Awesome, this will get me back on track. Thanks!

@AcidFaucent I am getting closer now. I figured I should draw out the type of skew I’m trying to do since you weren’t sure.

So the light source (yellow) can move around the obj (red). If the light source is under the obj, there would be no skew above it. The more it swings around the obj, the skew grows but hits a peak and starts to lessen to no skew again as the object moves to the left of the object. I hope that makes sense.

UPDATE/EDIT:
I see what you mean by skew behaves different than you expect.

I got it working were I am happy now. It behaves like the image above but on the left and right “no skews” don’t happen. I am not using extreme skewing, so no Tan(). I ended up using Sin()/2 and it applies subtle skewing along with my shadow stretching makes it look really nice.
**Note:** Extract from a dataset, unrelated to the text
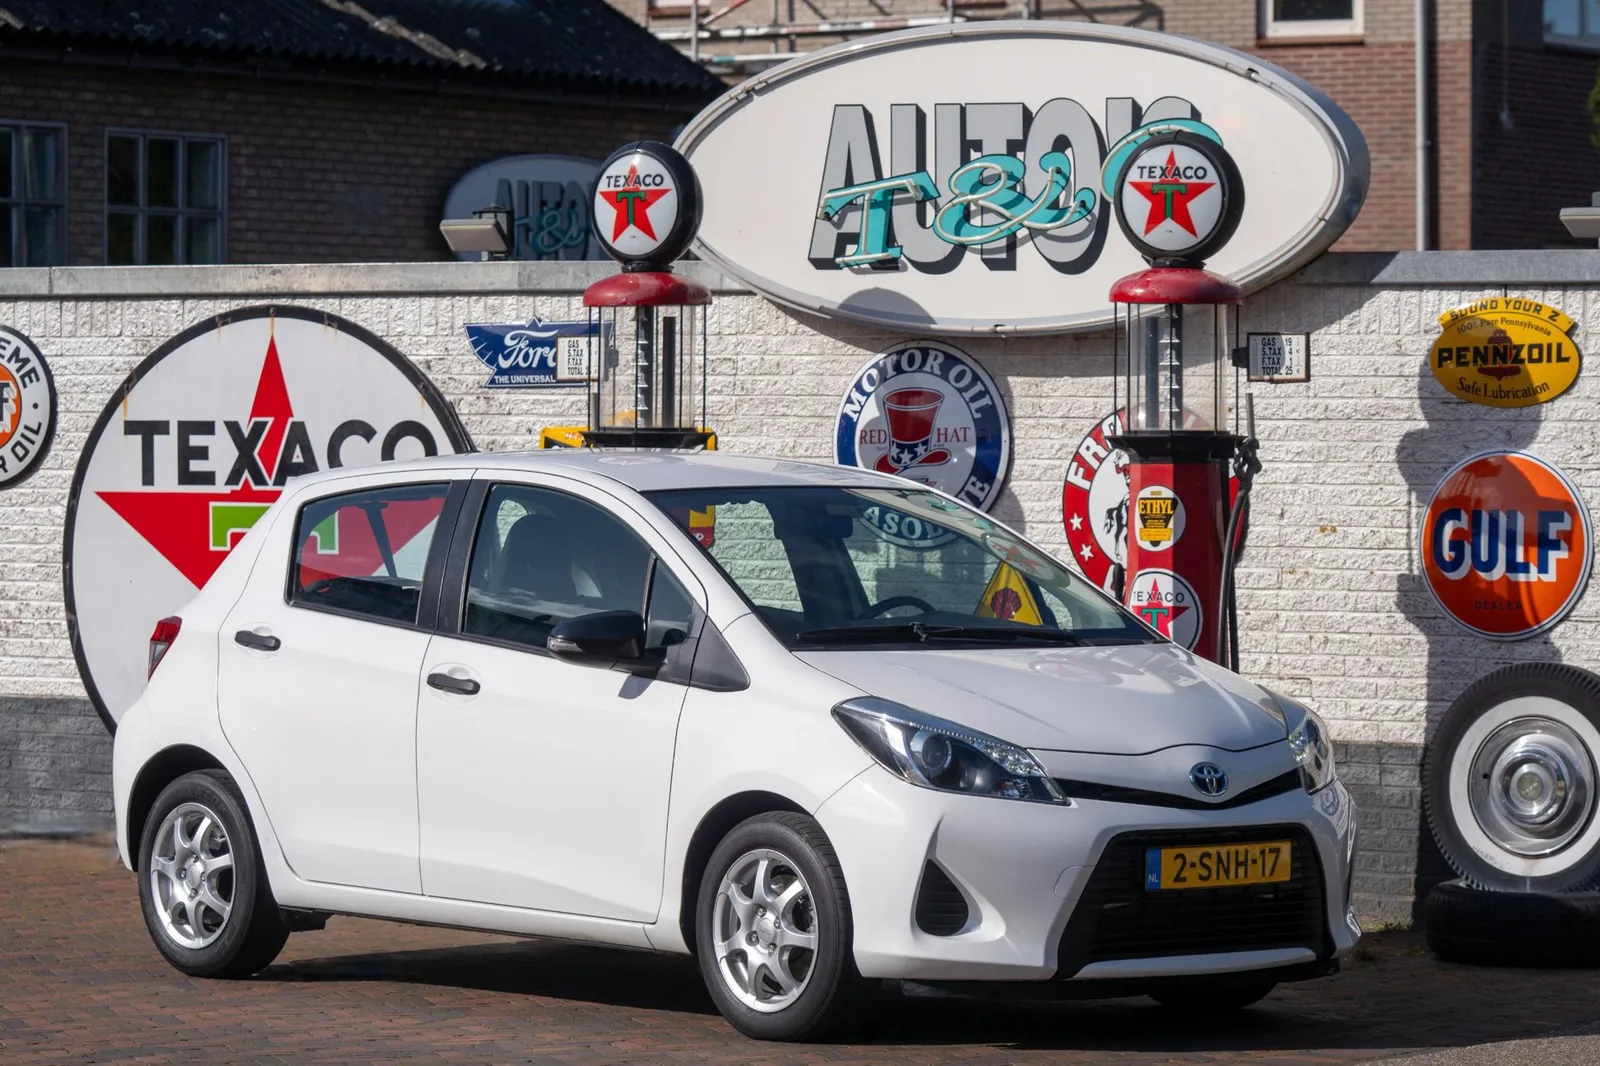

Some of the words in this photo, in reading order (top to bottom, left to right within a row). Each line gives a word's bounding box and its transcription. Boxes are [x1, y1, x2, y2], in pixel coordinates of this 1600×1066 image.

Here is what I ended up doing, just doing pseudo code for others reference if need be.

double AngleRaw = Math.Atan2(Light.Y - Block.Y, Light.X - Block.X);
float Angle = (float)AngleRaw - 1.5708f; // turned via radians to fit monogames xy rotation

Matrix ShadowMatrix = (pseudo-code follows…) Position * -Origin;
float Skew = (float)Math.Sin(Angle) / 2;
ShadowMatrix.M21 -= Skew;
ShadowMatrix = (pseudo-code follows…) Rotate * Origin;
// Also doing Shadow Stretching based of distance of light source and Color transparency calculations based on power of light source vs distance.

Pics or it didn’t happen :slight_smile:

Not caring about those East/West horizons makes your life a lot easier.

Hard to see in the vid but the closer you get the darker the shadow gets and stretching gets shorter. Works great for single objects. Running through a forest looks cool. However, a wall or fence shadow is another story. So there will adjusting yet.